Task details => Everything in the data should be repeated exactly, save for the images.

----- Records for processing

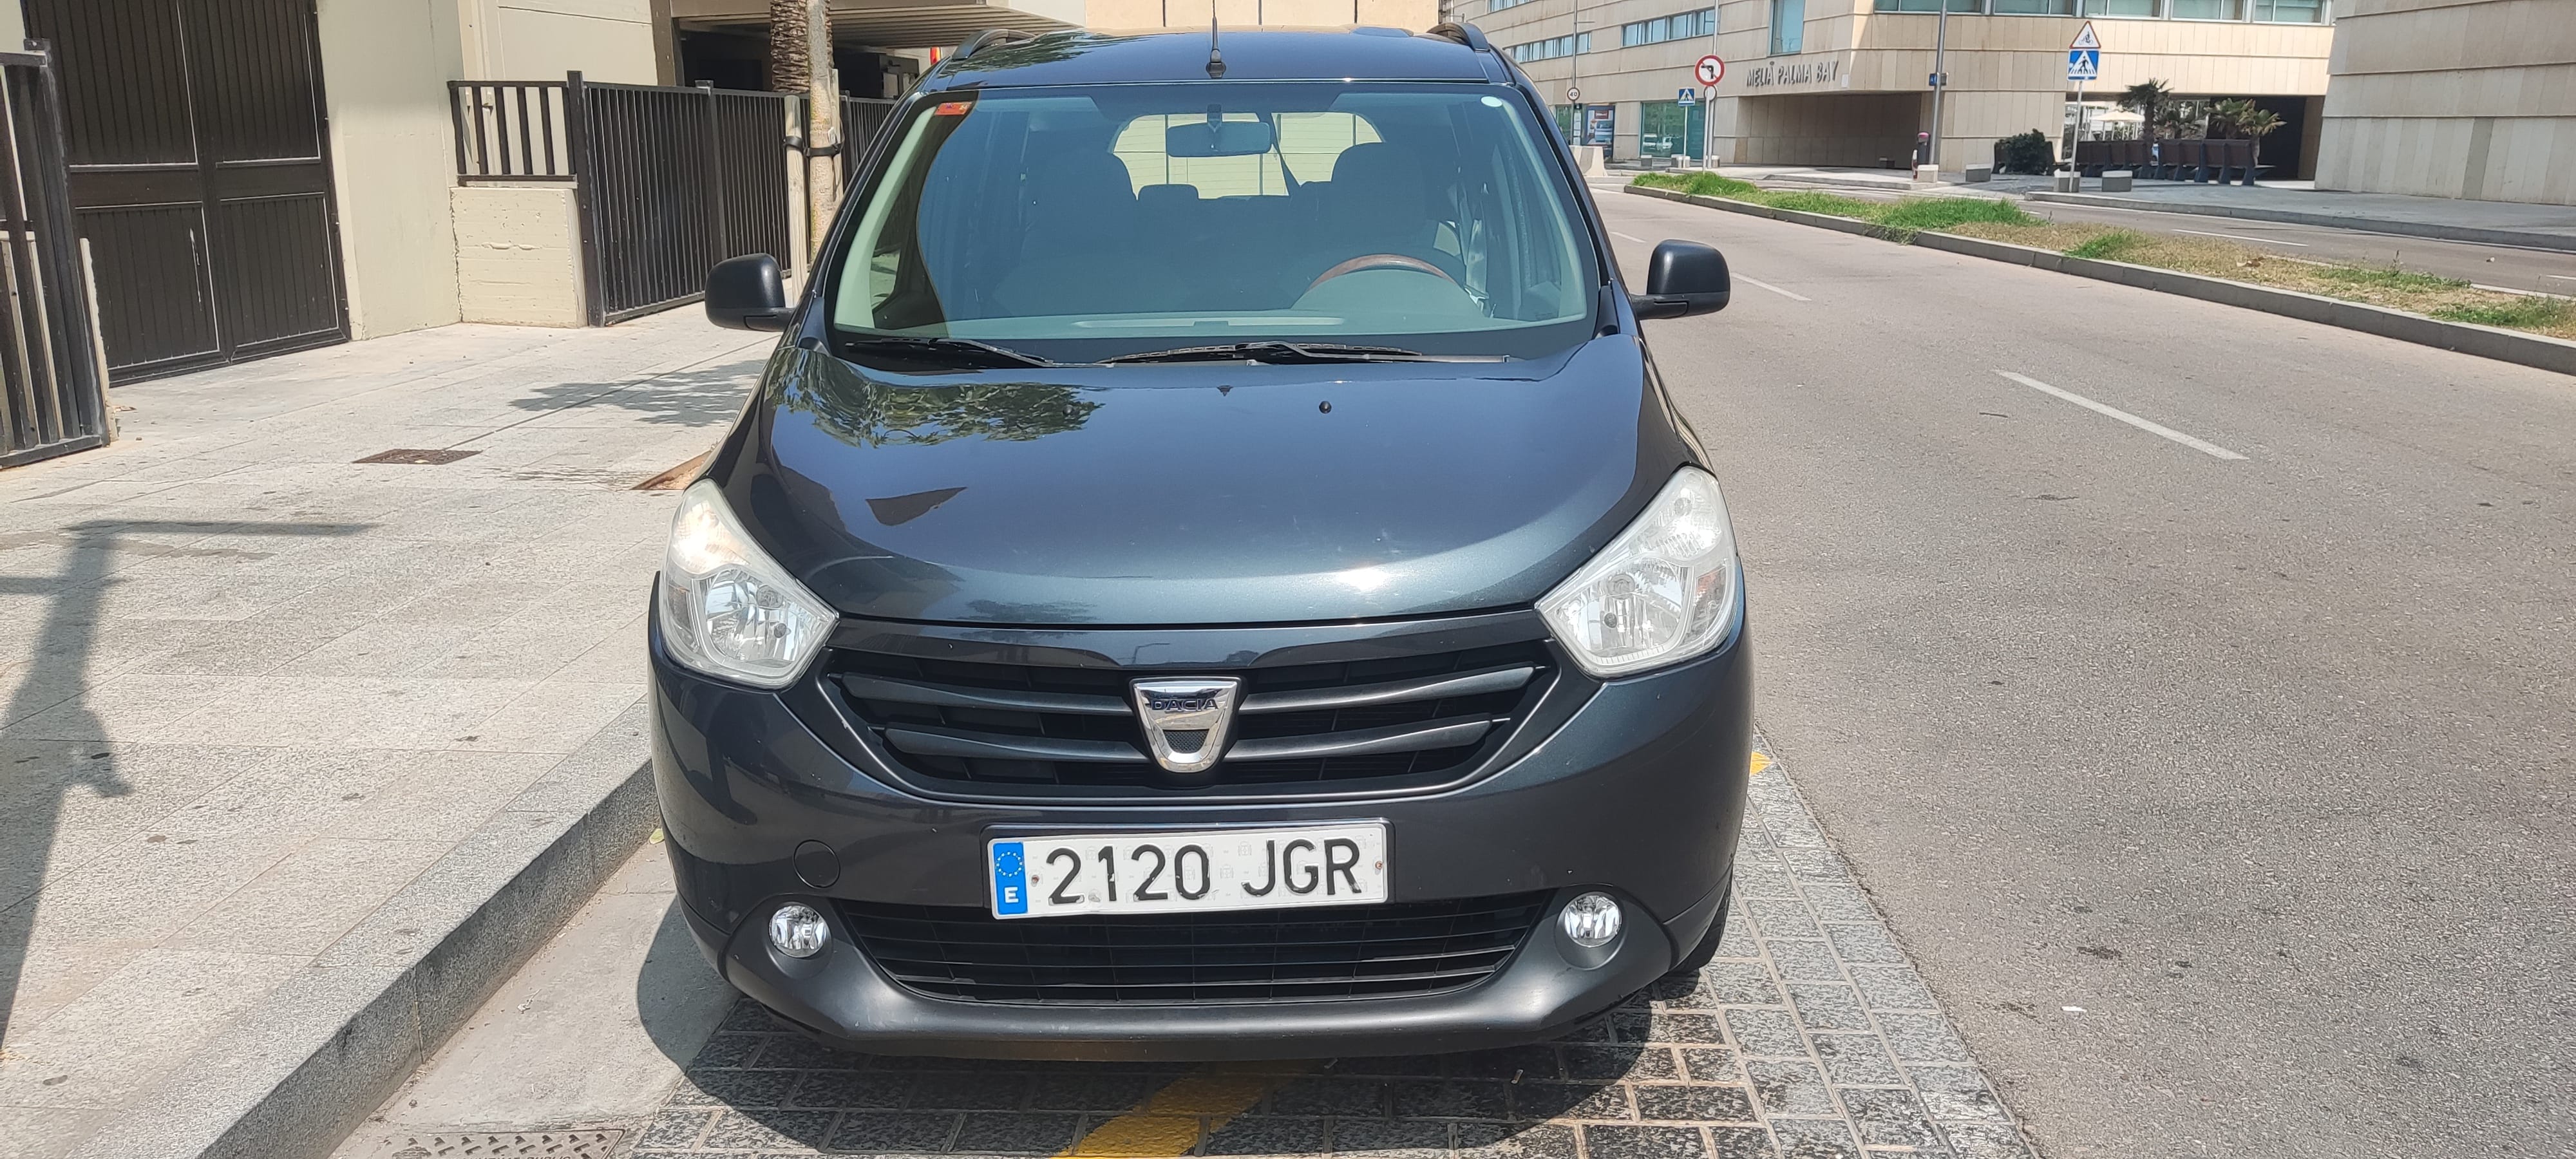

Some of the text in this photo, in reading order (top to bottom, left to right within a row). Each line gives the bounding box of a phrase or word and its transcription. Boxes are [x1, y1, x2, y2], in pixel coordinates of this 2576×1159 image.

[1777, 64, 1812, 85] PALMA
[1816, 60, 1839, 82] BAY
[1151, 699, 1218, 711] DACIA
[1046, 838, 1362, 905] 2120 JGR
[1004, 886, 1019, 903] E
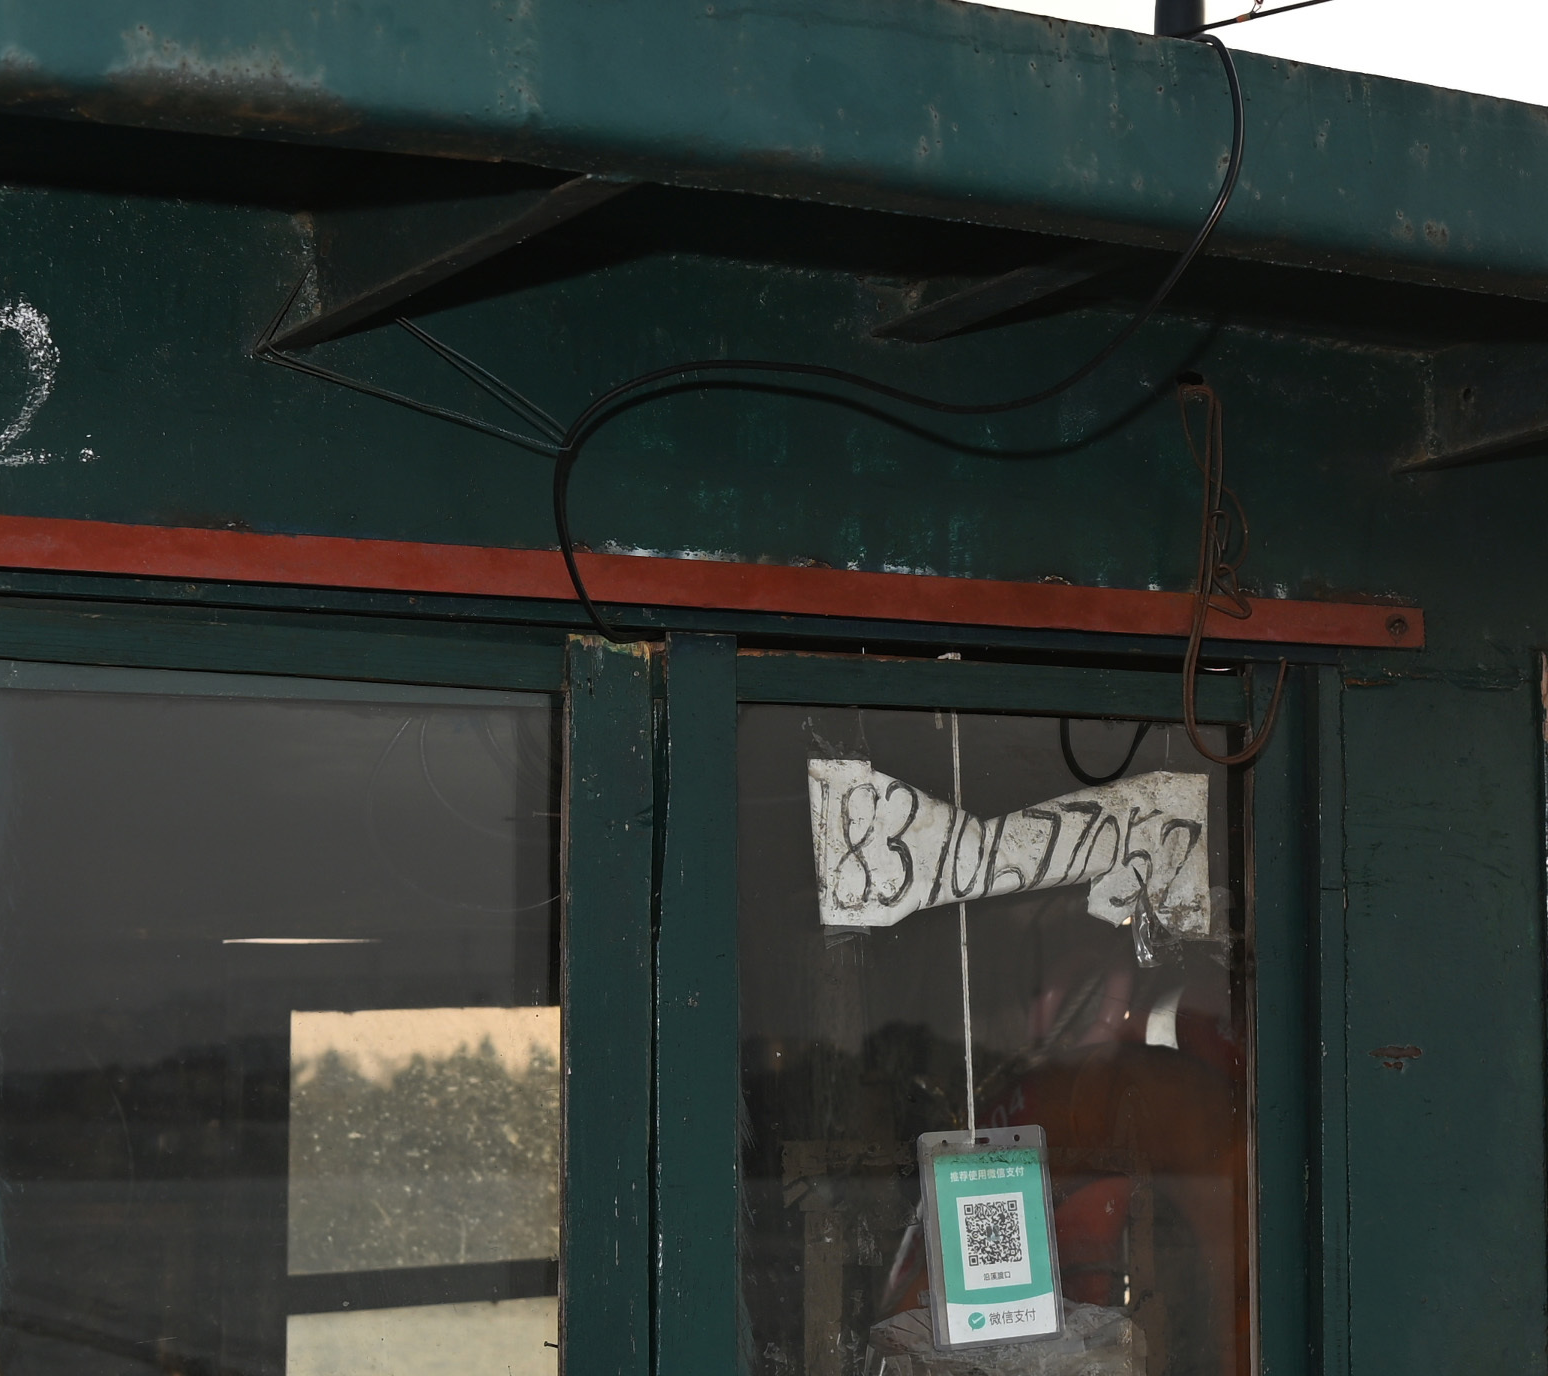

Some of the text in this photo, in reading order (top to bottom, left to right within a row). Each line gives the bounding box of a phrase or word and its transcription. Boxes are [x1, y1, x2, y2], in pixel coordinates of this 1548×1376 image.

[949, 1165, 1025, 1183] 推荐使用微信支付
[988, 1308, 1036, 1325] 微信支付
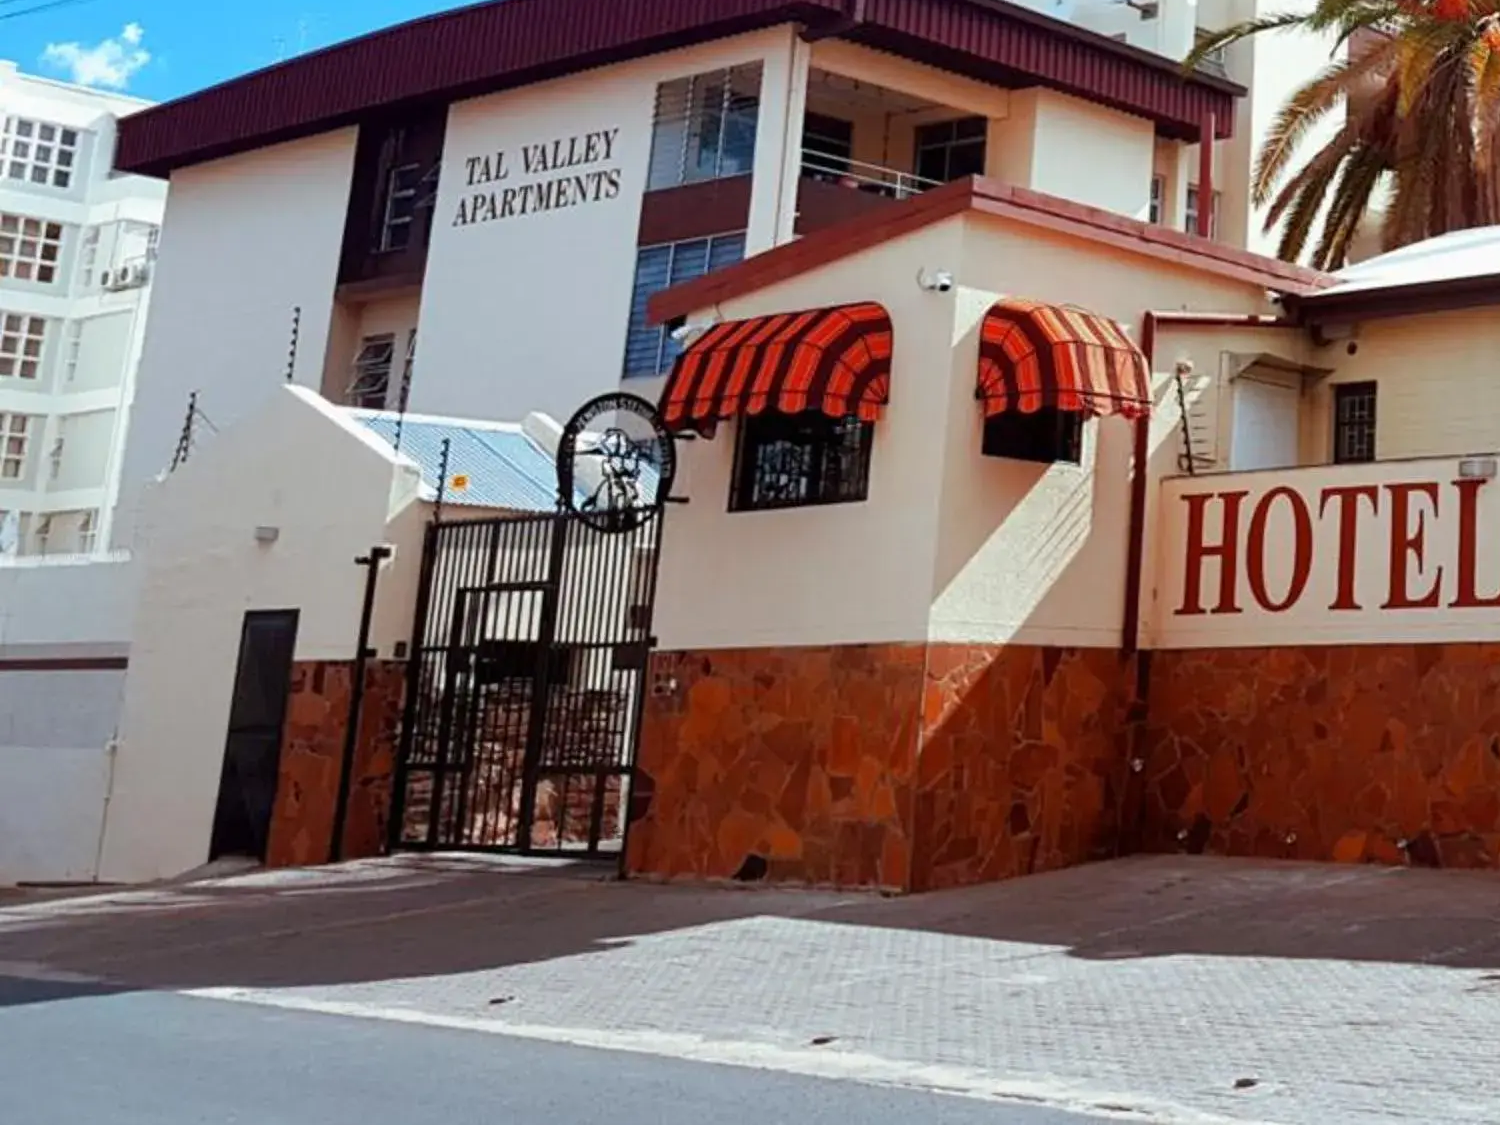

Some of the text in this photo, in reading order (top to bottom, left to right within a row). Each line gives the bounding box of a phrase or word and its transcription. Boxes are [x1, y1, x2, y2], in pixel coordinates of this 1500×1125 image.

----------

Solution to the problem =>
Some of the text in this photo, in reading order (top to bottom, left to right within a row). Each line gives the bounding box of a phrase or word and its transcription. Boxes are [x1, y1, x2, y2], in pixel coordinates of this 2576×1159 image.

[1777, 64, 1812, 85] PALMA
[1816, 60, 1839, 82] BAY
[1151, 699, 1218, 711] DACIA
[1046, 838, 1362, 905] 2120 JGR
[1004, 886, 1019, 903] E

Some of the text in this photo, in reading order (top to bottom, left to right within a row). Each line gives the bounding box of a phrase or word and its transcription. Boxes are [x1, y1, x2, y2], in pixel coordinates of this 1548×1376 image.

[949, 1165, 1025, 1183] 推荐使用微信支付
[988, 1308, 1036, 1325] 微信支付

Some of the text in this photo, in reading order (top to bottom, left to right within a row). Each line gives the bounding box of a phrase or word and its transcription. Boxes are [x1, y1, x2, y2], in pixel coordinates of this 1500×1125 image.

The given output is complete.